▶ **What you are asked to do**:
Without including any picture, write out the entries exactly as they stand.

▶ **Records for the task**:
------

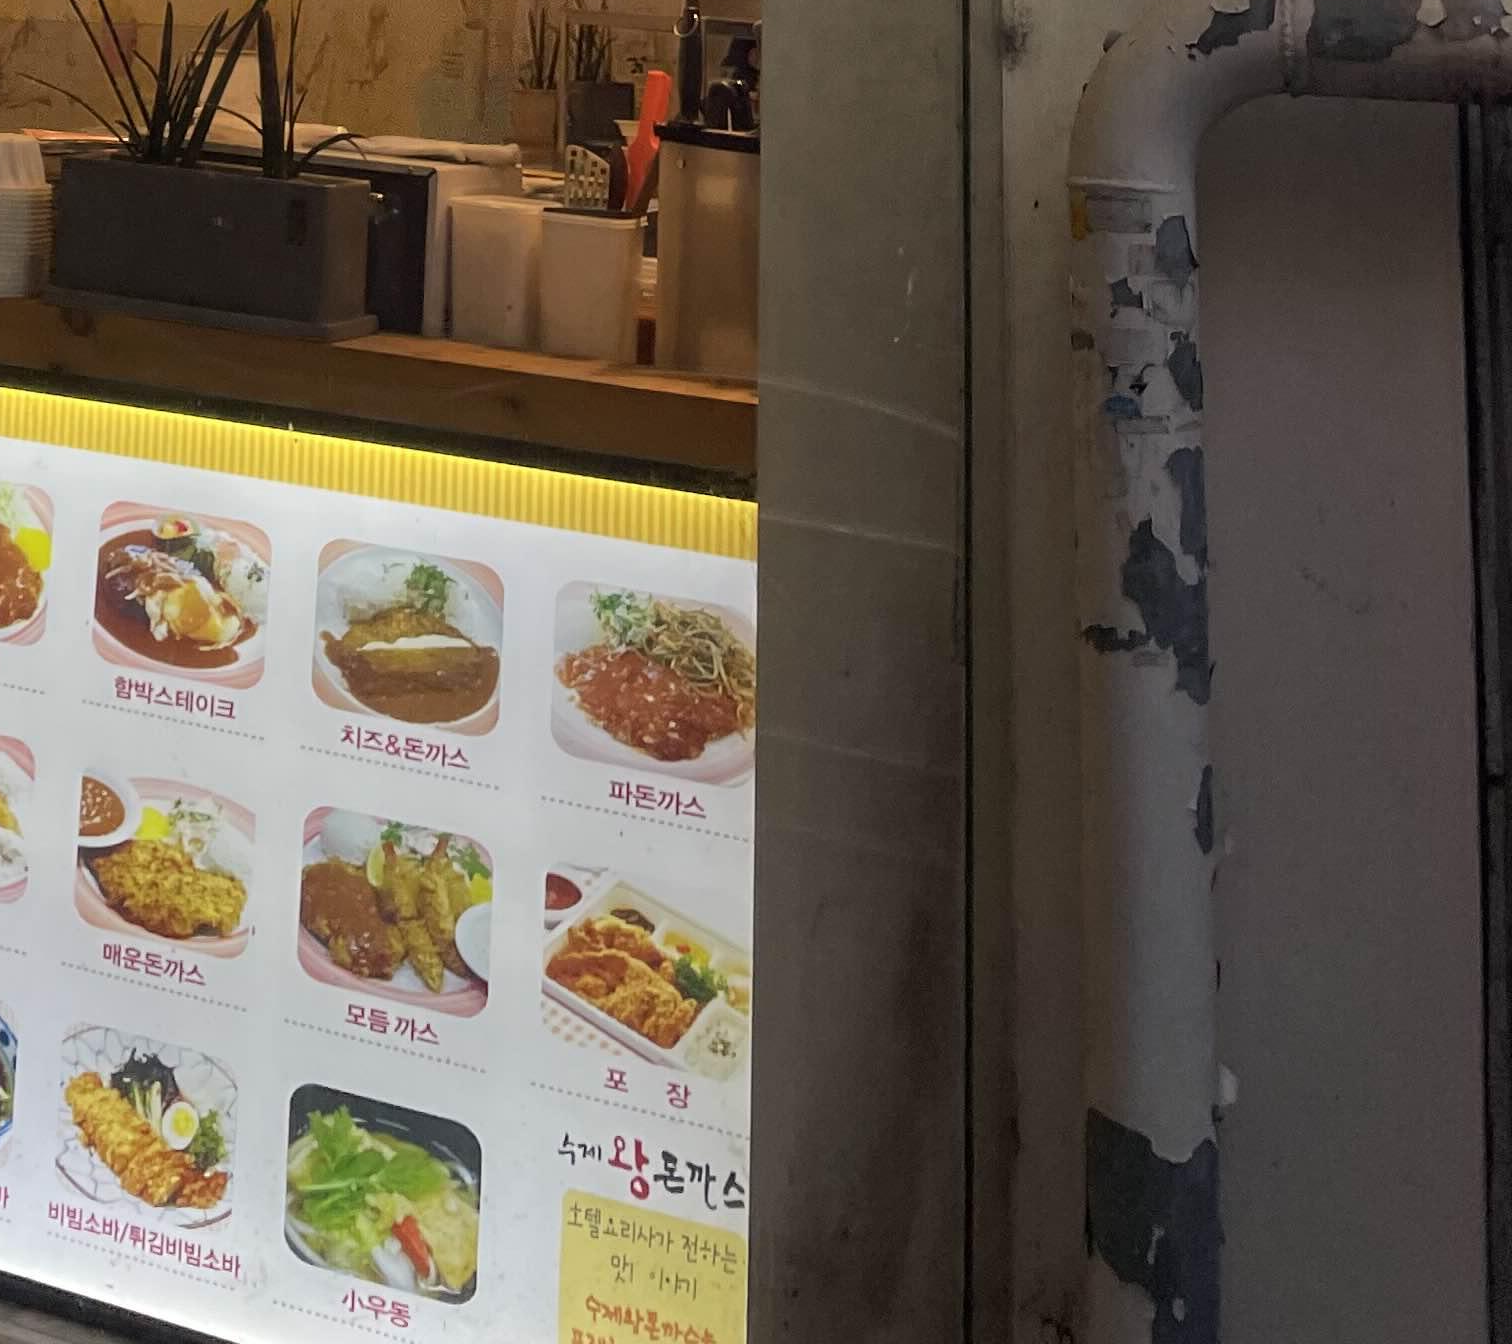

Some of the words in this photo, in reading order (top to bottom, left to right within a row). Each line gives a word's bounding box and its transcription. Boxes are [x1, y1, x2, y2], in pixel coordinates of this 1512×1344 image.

[114, 676, 236, 720] 함박스테이크
[340, 725, 471, 770] 치즈&돈까스
[609, 780, 707, 820] 파돈까스
[103, 943, 207, 986] 매운돈까스
[48, 1201, 241, 1279] 비빔소바/튀김비빔소바
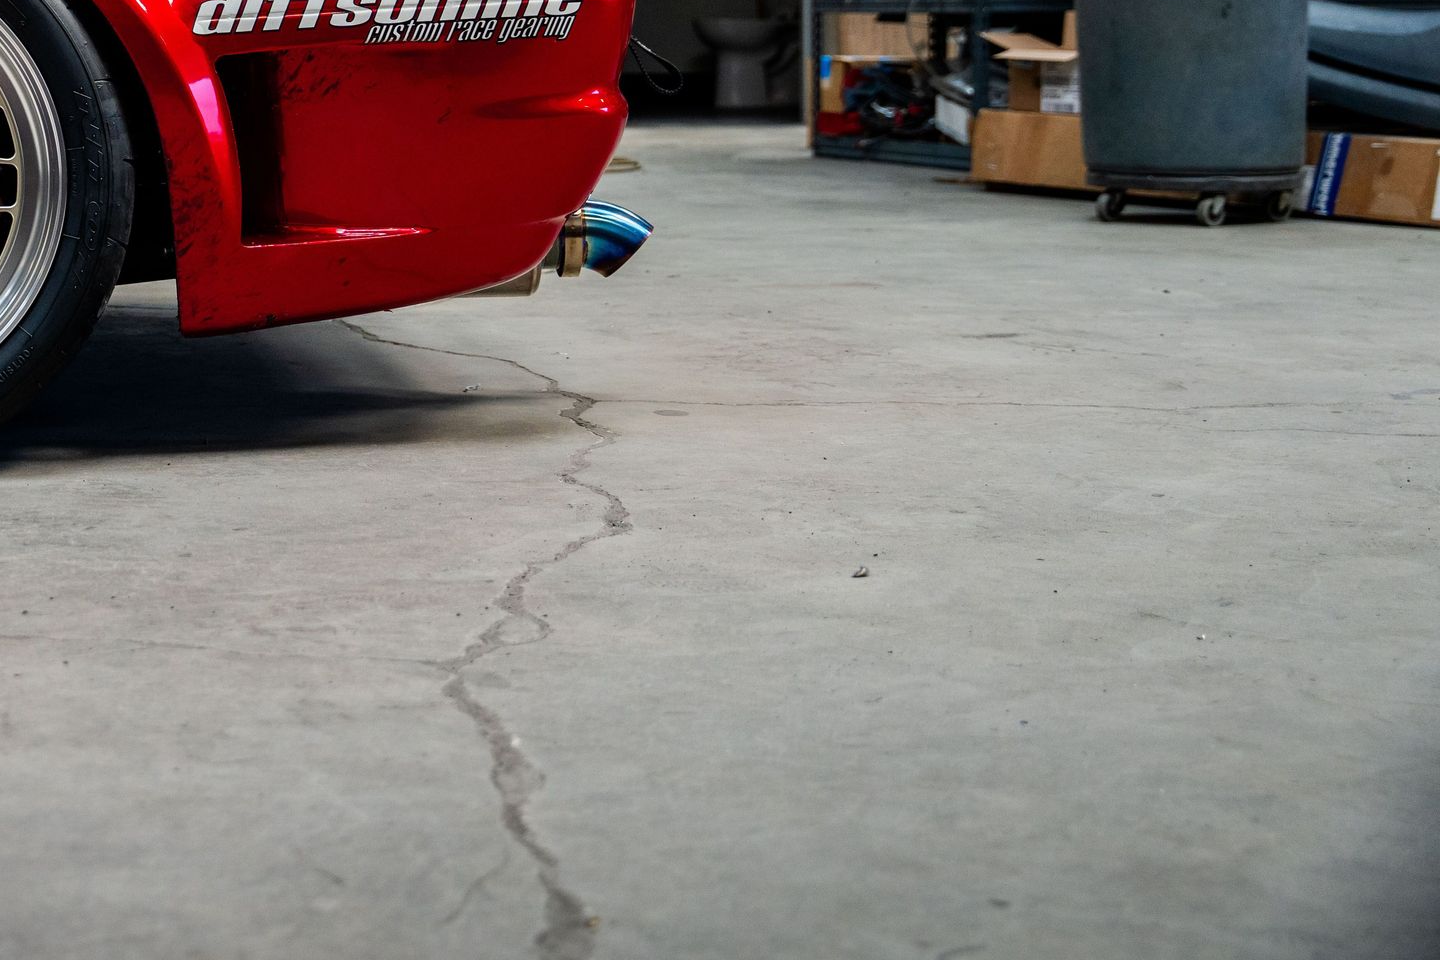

------

▶ **Expected answer**:
Some of the words in this photo, in reading order (top to bottom, left to right within a row). Each line gives a word's bounding box and its transcription. Boxes are [x1, y1, x2, y2], in pixel coordinates of this 1512×1344 image.

[114, 676, 236, 720] 함박스테이크
[340, 725, 471, 770] 치즈&돈까스
[609, 780, 707, 820] 파돈까스
[103, 943, 207, 986] 매운돈까스
[48, 1201, 241, 1279] 비빔소바/튀김비빔소바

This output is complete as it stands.